Alguém ainda lê prefácios? Eu não mais, confesso. Com o tempo e a idade, tornei-me avesso aos prefácios. Estou convencido de que sua leitura exige tenacidade e paciência acima das minhas forças. Considero-os insidiosos, como uma selva tropical, cheios de terríveis perigos a espreita do leitor incauto - pradarias desertas de significado, cachoeiras de palavras obscuras, vocábulos soltos ao vento. Nessa desolada travessia, V pode encantar-se com bichos-preguiça e se deixar ficar pelo caminho. Pode topar com peçonhentas tsé-tsé verbais e tombar vítima da moléstia do sono prematuro. E tudo isso para chegar, finalmente, ao marco zero da empreitada - o capítulo primeiro - e constatar que a tarefa propriamente dita não começou, há todo um livro ainda para ler!
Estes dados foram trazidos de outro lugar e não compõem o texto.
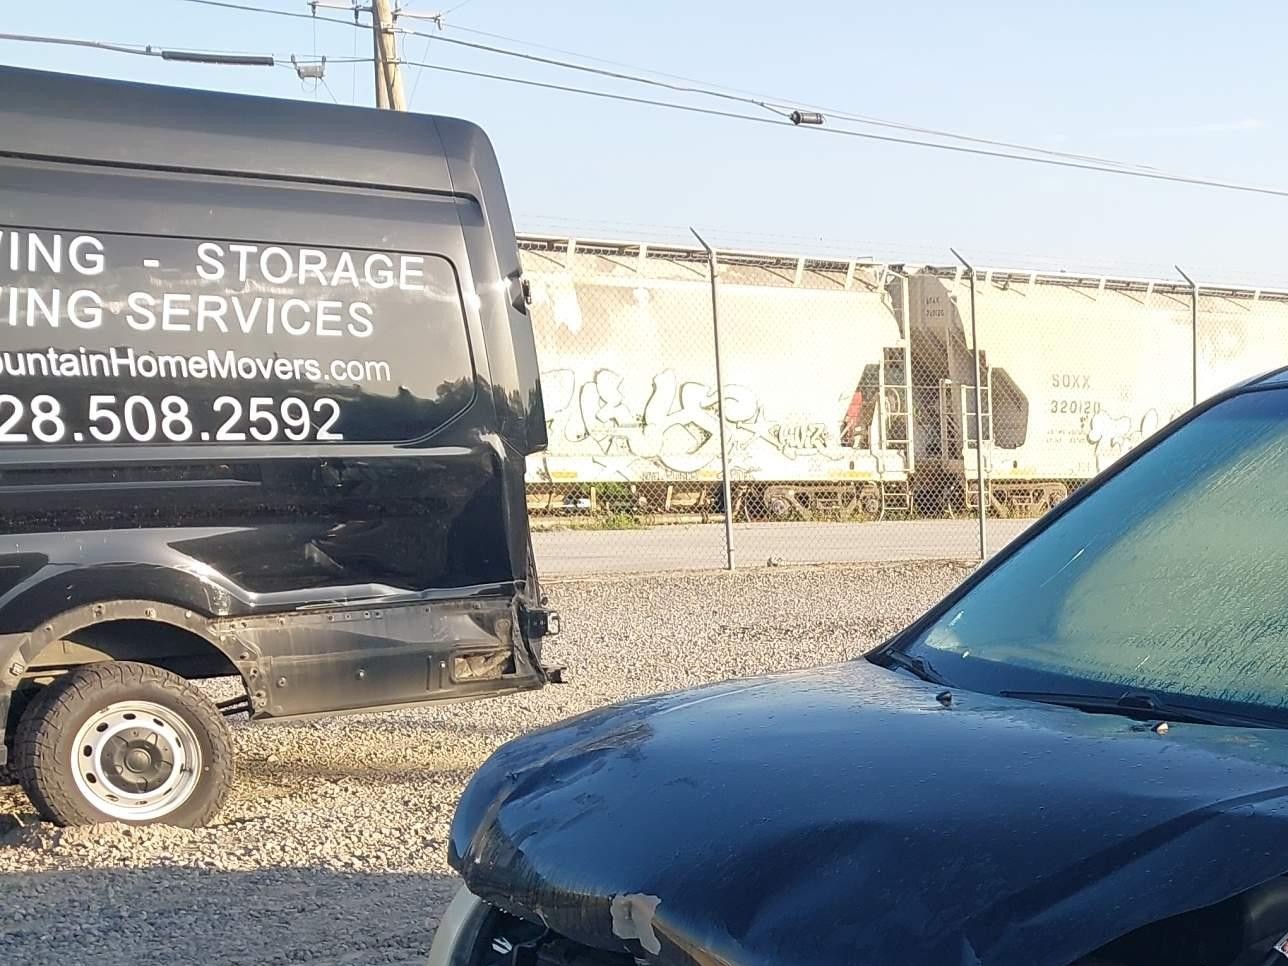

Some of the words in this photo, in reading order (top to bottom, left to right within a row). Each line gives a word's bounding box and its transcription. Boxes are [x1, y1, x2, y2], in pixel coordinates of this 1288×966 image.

...A propósito de prefácios, há uma lenda moura sobre a destruição da famosa biblioteca de Alexandria. Não deve ser verdade, mas merece ser contada. Em 640 DC, os árabes tomaram Alexandria. Tendo tido notícia de que na cidade havia "uma grande livraria, contendo todo o conhecimento do mundo", o comandante do exército invasor pediu instruções sobre como proceder a Omar, o Califa. Omar ordenou a queima dos livros sob o argumento de que "ou eles contradizem o Corão, caso em que são heréticos, ou eles concordam com o Corão, caso em que são supérfluos". Até aí vai a história (como contada por um bispo cristão, suspeito de tê-la inventado). Agora vem a lenda a que eu me referi antes. O Califa, antes de proferir o veredito, consultou um seu Vizir, que sugeriu a queima dos livros ou a seguinte alternativa: - "Determine que nossos escribas produzam extensos prefácios e que esses sejam antepostos às obras infiéis. Elas, assim soterradas, não oferecerão perigo aos crentes". O Califa optou pela solução que lhe pareceu mais direta: mandou tocar fogo na biblioteca. Alá seja louvado!
Dito isso, peço licença para, ao reverso de Vargas, deixar a história para reentrar na vida.
Acho que minha aversão aos prefácios tem a ver com o fato de que estou ficando velho, a vida está cada vez mais apressada e não li tudo o que deveria ter lido na juventude. Há imensas lacunas culturais a preencher. E o tempo está cada vez mais escasso. Por exemplo, esses dias me dei conta de que não li "Em busca do tempo perdido", de Proust, segundo dizem, uma obra magnífica, um verdadeiros marco da literatura moderna. Saí a campo em busca do livro e descobri, desanimado - pasmem os incultos - que são sete volumes. Onde, meu Deus, vou arranjar tempo para ir em busca do tempo que Proust perdeu?
O pessoal da Saraiva teve uma boa idéia. Estão editando as obras completas de Proust, em forma de revistas em quadrinhos. Essa talvez seja uma solução para o meu problema - se as letras forem graúdas e as gravuras coloridas.